■ Stored data entries:
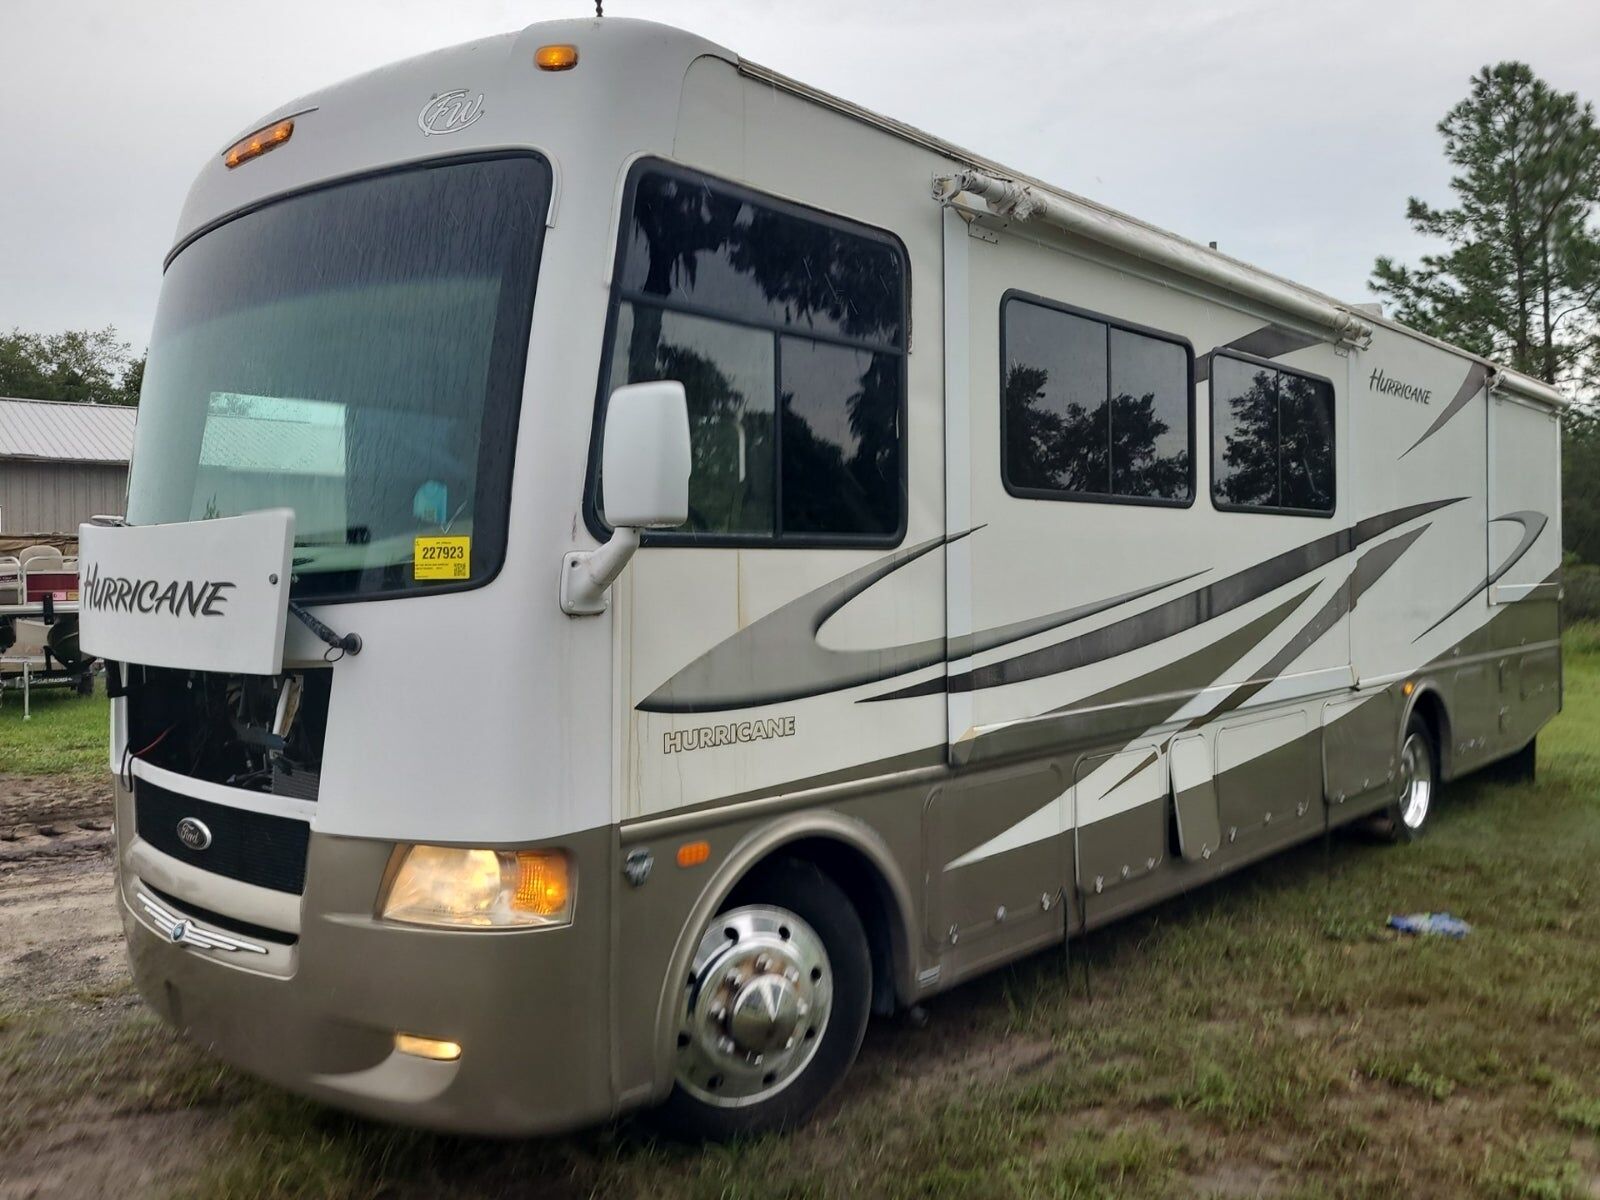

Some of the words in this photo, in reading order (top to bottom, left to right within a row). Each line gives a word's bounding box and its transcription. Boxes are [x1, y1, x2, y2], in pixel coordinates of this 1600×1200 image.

[1369, 367, 1432, 405] HURRICANE
[422, 546, 464, 560] 227923
[84, 562, 236, 618] HURRICANE
[663, 716, 796, 754] HURRICANE
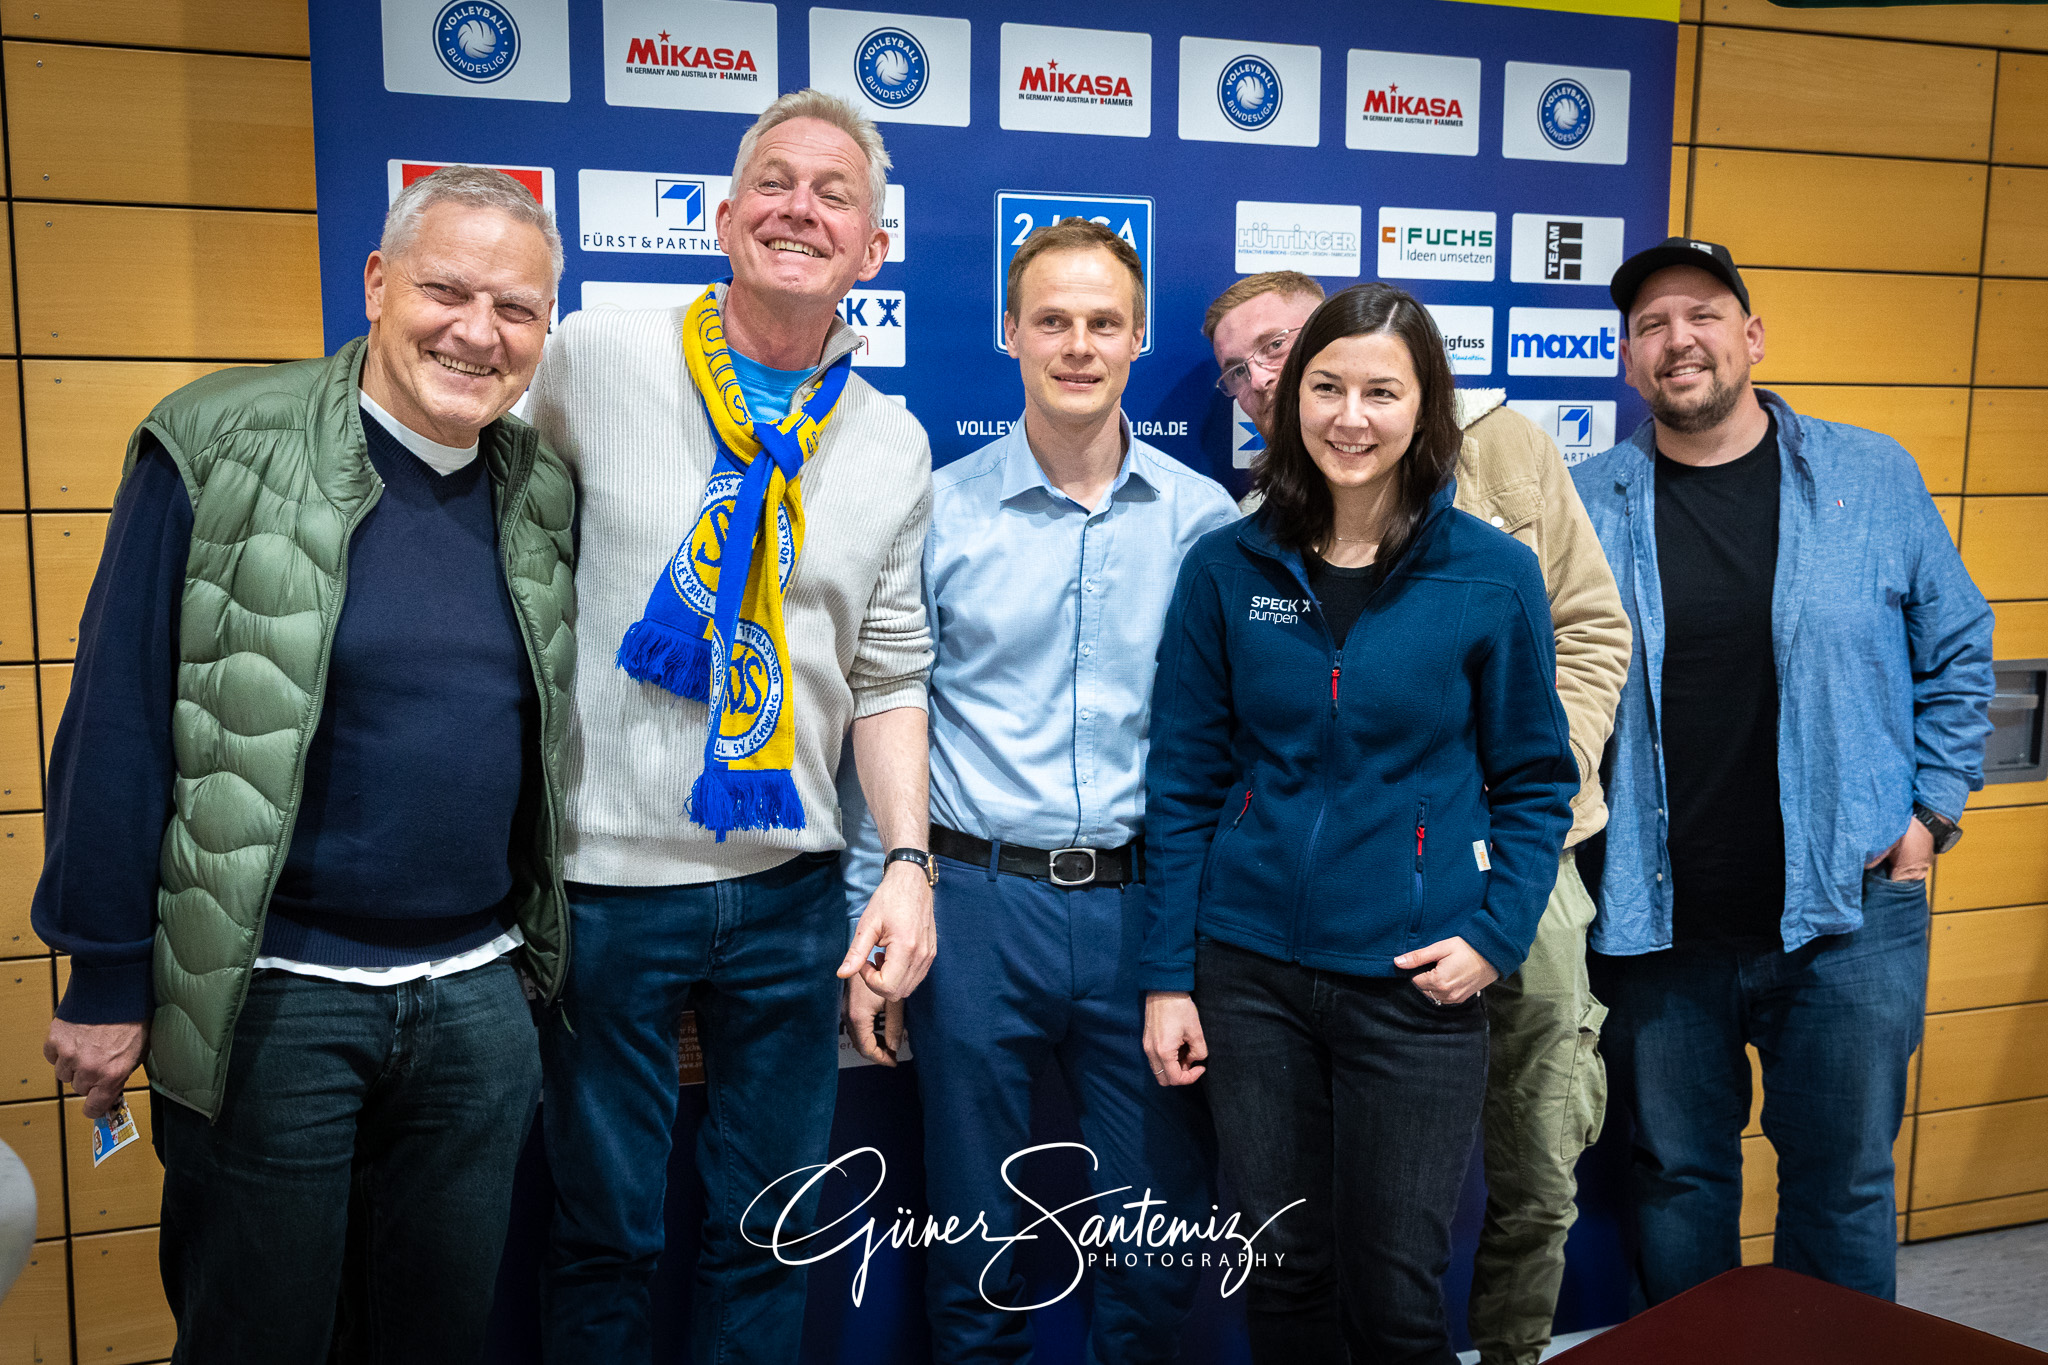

■ Instructions for the task: Please give every line above again word for word, apart from the pictures.

■ Task result:
Some of the words in this photo, in reading order (top to bottom, left to right within a row). Each line gives a word's bounding box and its transcription. Boxes are [x1, y1, x2, y2], in pixel coordinates of this 1600×1200 image.

[1369, 367, 1432, 405] HURRICANE
[422, 546, 464, 560] 227923
[84, 562, 236, 618] HURRICANE
[663, 716, 796, 754] HURRICANE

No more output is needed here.